← Back
Hugging Face
Hugging Face launches Storage Buckets, S3-like object storage optimized for ML workloads
· featureplatformapiintegration · huggingface.co ↗

What's New

Hugging Face has launched Storage Buckets, a purpose-built storage solution for the constant stream of intermediate ML artifacts—checkpoints, optimizer states, processed data shards, logs, and traces—that production pipelines generate. Unlike Models and Datasets repos optimized for versioned final artifacts, Buckets are mutable, S3-like object storage designed for rapid iteration and frequent overwrites.

Key Capabilities

Non-versioned, mutable storage: Buckets live under user or organization namespaces with standard Hugging Face permissions, support public/private access, and can be accessed programmatically via handles like hf://buckets/username/my-training-bucket. They come with a browsable Hub interface and full CLI support.

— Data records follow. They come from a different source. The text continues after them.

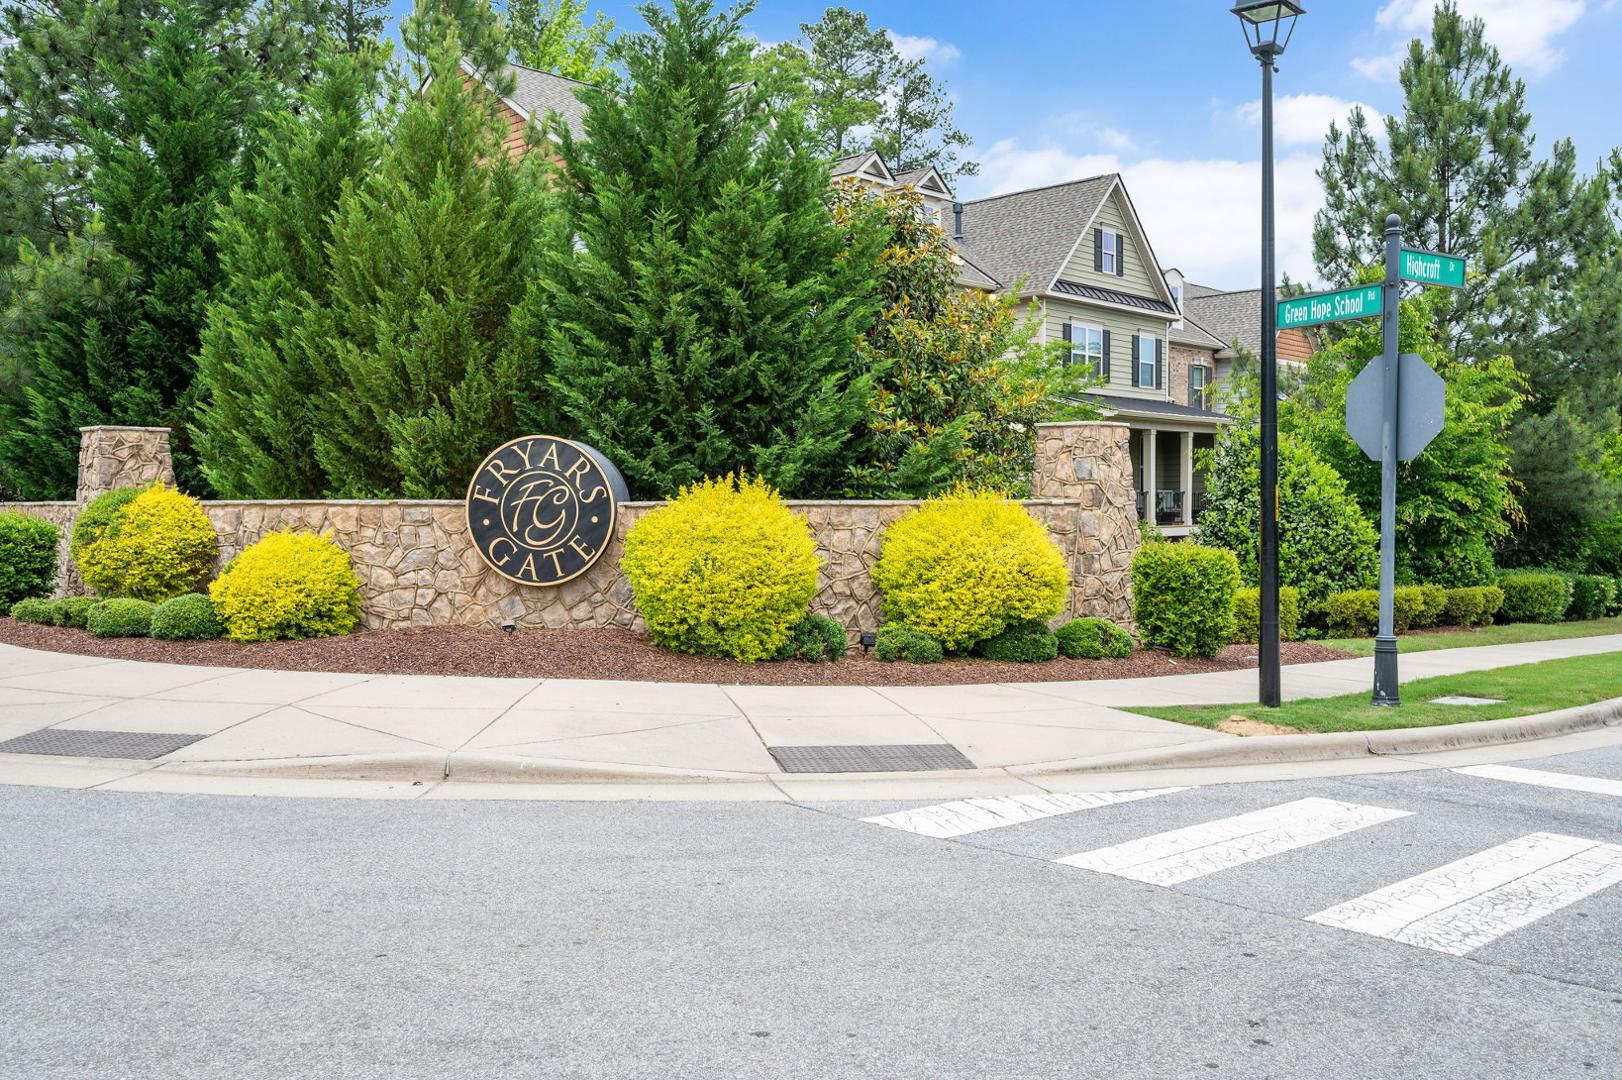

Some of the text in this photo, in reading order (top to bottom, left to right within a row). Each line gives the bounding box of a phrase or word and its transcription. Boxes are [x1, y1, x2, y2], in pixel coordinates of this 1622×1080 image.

[1406, 254, 1456, 279] Highcroft Dr
[1285, 290, 1375, 323] Green Hope School Rd
[472, 440, 607, 506] FRYARS
[510, 479, 570, 545] FG
[488, 534, 596, 581] GATE
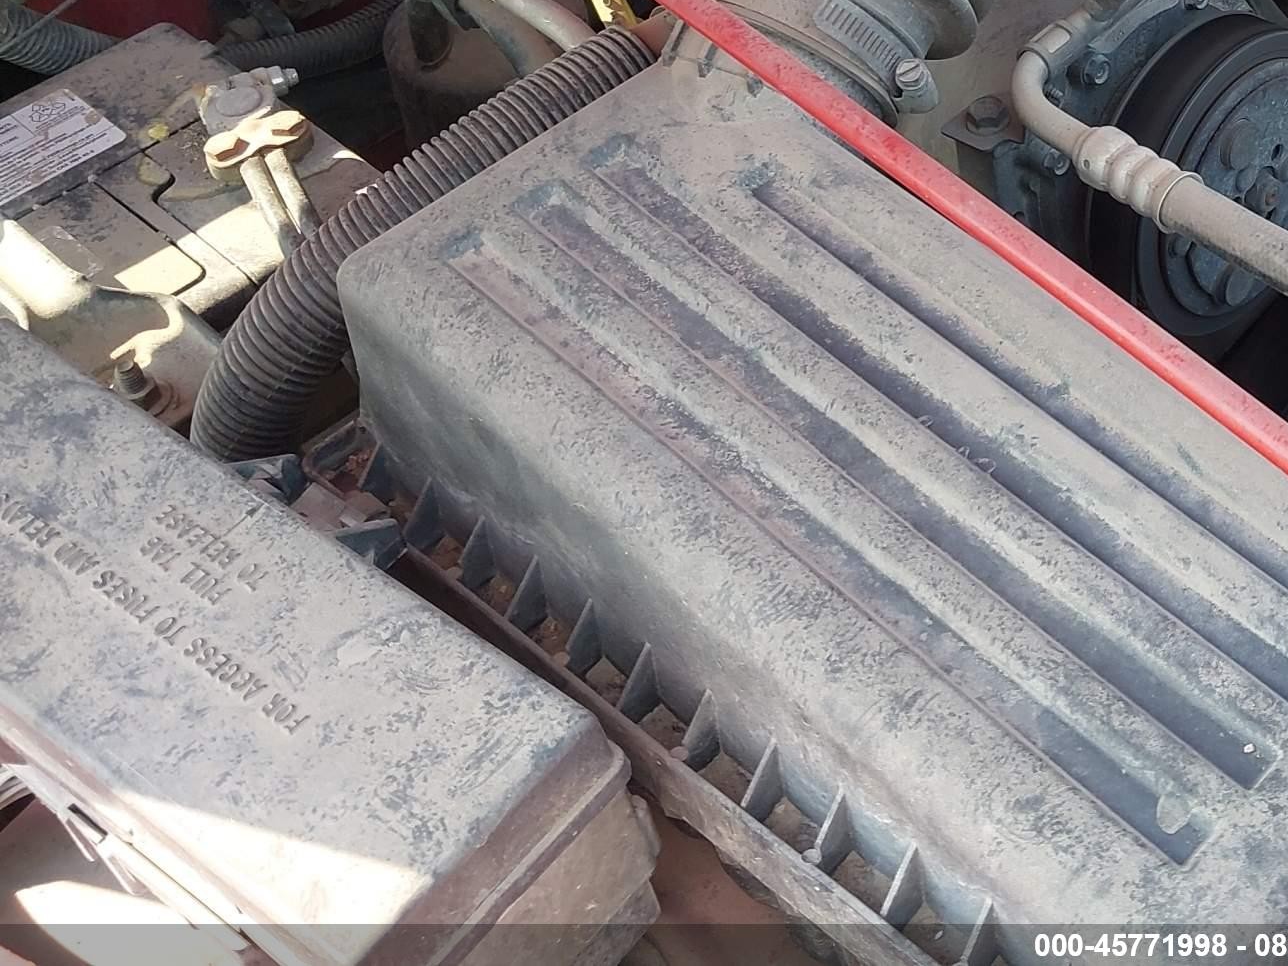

Content deduplication via Xet: Buckets leverage Hugging Face's Xet backend, which breaks files into chunks and deduplicates content across them. When uploading a processed dataset similar to the raw version or storing successive checkpoints with frozen model layers, only new chunks are transferred. This reduces bandwidth, accelerates transfers, and lowers storage costs—especially valuable for Enterprise customers billed on deduplicated storage.

Pre-warming for data locality: The system supports pre-warming to bring frequently accessed data closer to compute. You can declare which cloud provider and region your workload needs, and Buckets ensure data is cached locally before jobs start. This is critical for distributed training and multi-region pipelines where data locality directly impacts throughput. AWS and GCP are supported initially, with more providers coming.

Getting Started

Users can create a bucket in seconds using the hf CLI:

hf auth login
hf buckets create my-training-bucket --private

The entry point documentation shows quick integration with training pipelines and data workflows.

Use Cases

Buckets address pain points across ML production: training clusters writing checkpoints mid-run, data pipelines iteratively processing raw datasets, and agents storing traces and knowledge graphs. The mutable nature and deduplication make them ideal where Git versioning overhead becomes a bottleneck.